Zng1 is a GTP-dependent zinc transferase needed for activation of methionine aminopeptidase
Miriam Pasquini,
Nicolas Grosjean,
Kim K. Hixson,
Carrie D. Nicora,
Estella F. Yee,
Mary Lipton,
Ian K. Blaby,
John D. Haley,
Crysten E. Blaby-Haas
Affiliations
Miriam Pasquini
Biology Department, Brookhaven National Laboratory, Upton, NY 11973, USA
Nicolas Grosjean
Biology Department, Brookhaven National Laboratory, Upton, NY 11973, USA
Kim K. Hixson
The Environmental Molecular Sciences Laboratory, Pacific Northwest National Laboratory, Richland, WA 99352, USA
Carrie D. Nicora
Biological Sciences Division, Pacific Northwest National Laboratory, Richland, WA 99352, USA
Estella F. Yee
National Synchrotron Light Source II, Brookhaven National Laboratory, Upton, NY 11973, USA
Mary Lipton
The Environmental Molecular Sciences Laboratory, Pacific Northwest National Laboratory, Richland, WA 99352, USA
Ian K. Blaby
Biology Department, Brookhaven National Laboratory, Upton, NY 11973, USA
John D. Haley
Department of Pathology and Biological Mass Spectrometry Facility, Stony Brook University, Stony Brook, NY 11794, USA
Crysten E. Blaby-Haas
Biology Department, Brookhaven National Laboratory, Upton, NY 11973, USA; Department of Biochemistry and Cell Biology, Stony Brook University, Stony Brook, NY 11794, USA; Corresponding author
Summary: The evolution of zinc (Zn) as a protein cofactor altered the functional landscape of biology, but dependency on Zn also created an Achilles’ heel, necessitating adaptive mechanisms to ensure Zn availability to proteins. A debated strategy is whether metallochaperones exist to prioritize essential Zn-dependent proteins. Here, we present evidence for a conserved family of putative metal transferases in human and fungi, which interact with Zn-dependent methionine aminopeptidase type I (MetAP1/Map1p/Fma1).
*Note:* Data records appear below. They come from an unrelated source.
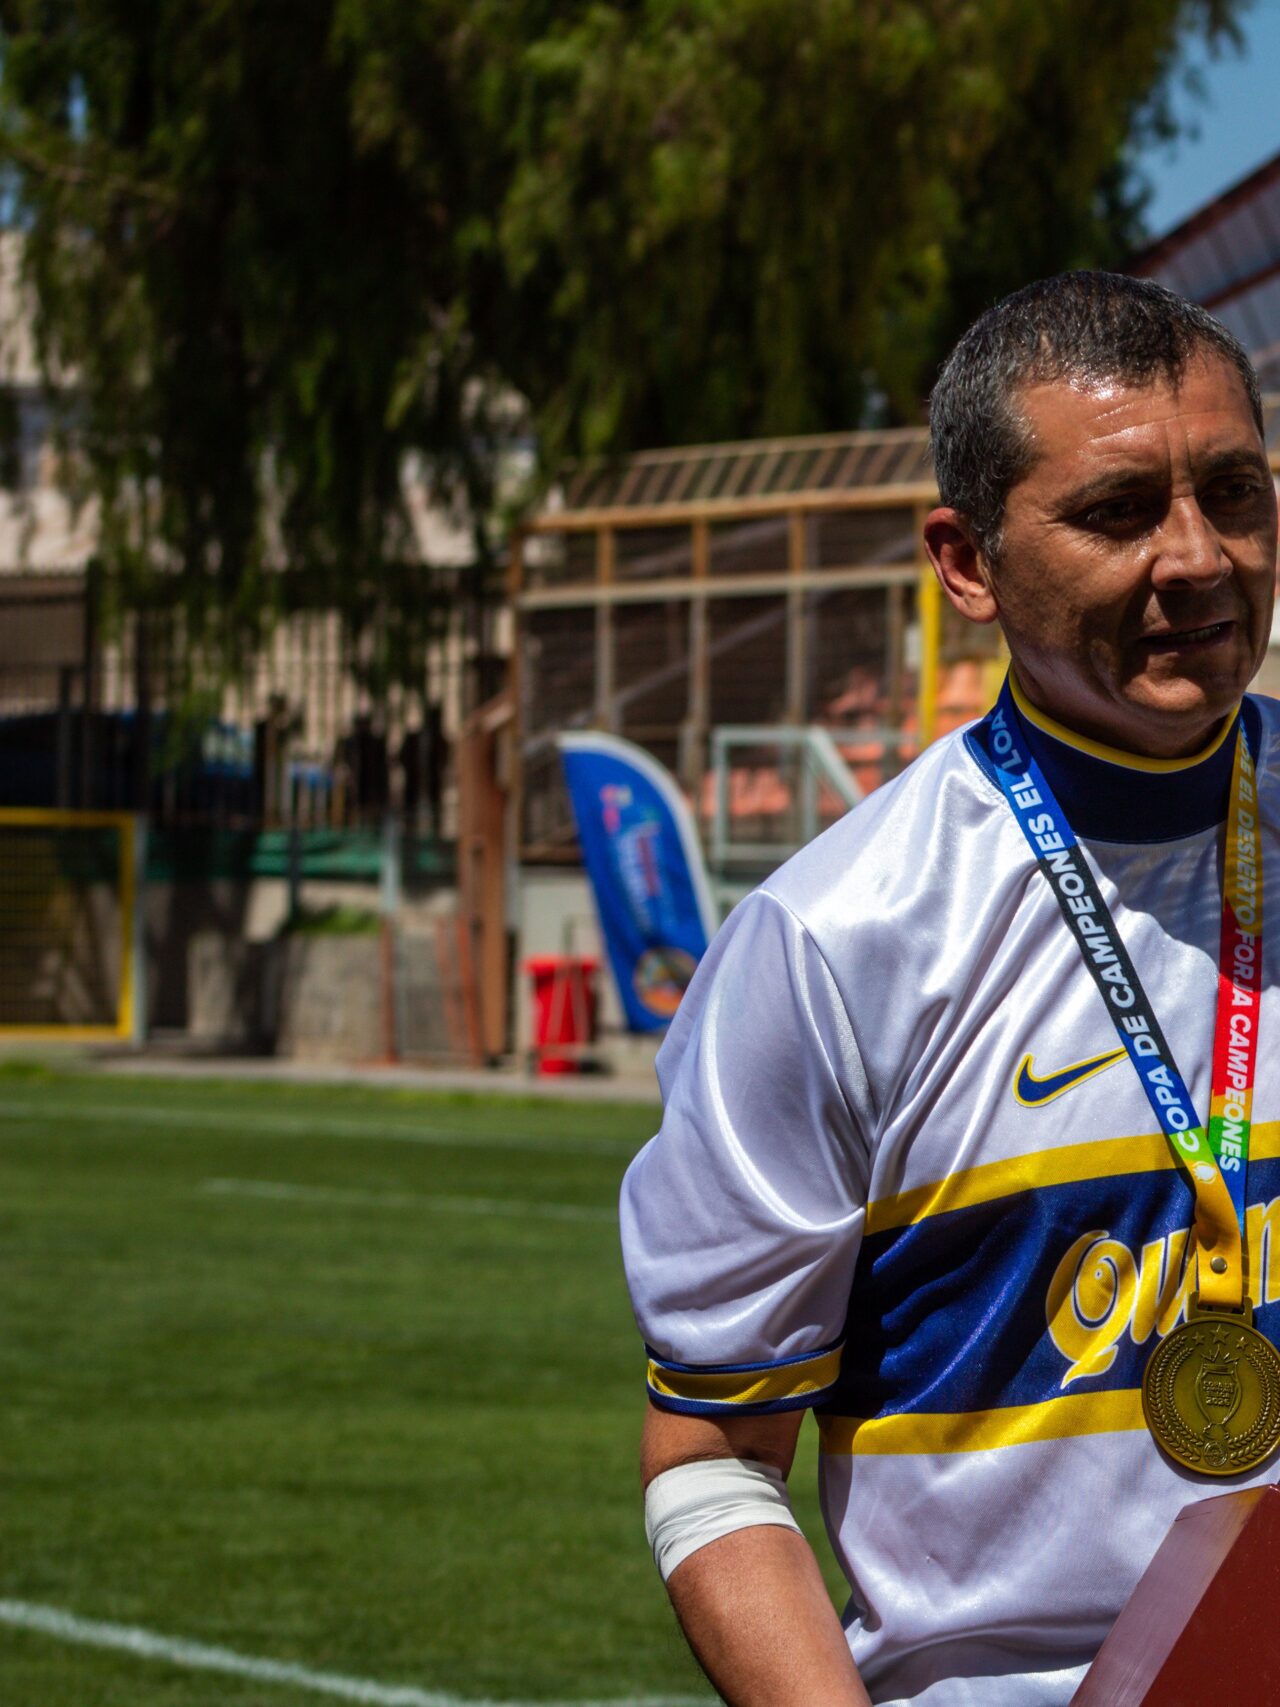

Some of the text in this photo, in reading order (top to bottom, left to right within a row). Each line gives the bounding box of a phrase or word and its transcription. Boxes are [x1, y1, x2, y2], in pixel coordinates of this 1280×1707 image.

[1238, 775, 1253, 804] EL
[1234, 807, 1256, 930] DESIERTO
[991, 708, 1201, 1153] COPA DE CAMPEONES EL LOA
[1231, 928, 1256, 1008] FORJA
[1219, 1014, 1252, 1173] CAMPEONES
Deletion of the putative metal transferase in Saccharomyces cerevisiae (ZNG1; formerly YNR029c) leads to defective Map1p function and a Zn-deficiency growth defect. In vitro, Zng1p can transfer Zn2+ or Co2+ to apo-Map1p, but unlike characterized copper chaperones, transfer is dependent on GTP hydrolysis. Proteomics reveal mis-regulation of the Zap1p transcription factor regulon because of loss of ZNG1 and Map1p activity, suggesting that Zng1p is required to avoid a compounding effect of Map1p dysfunction on survival during Zn limitation.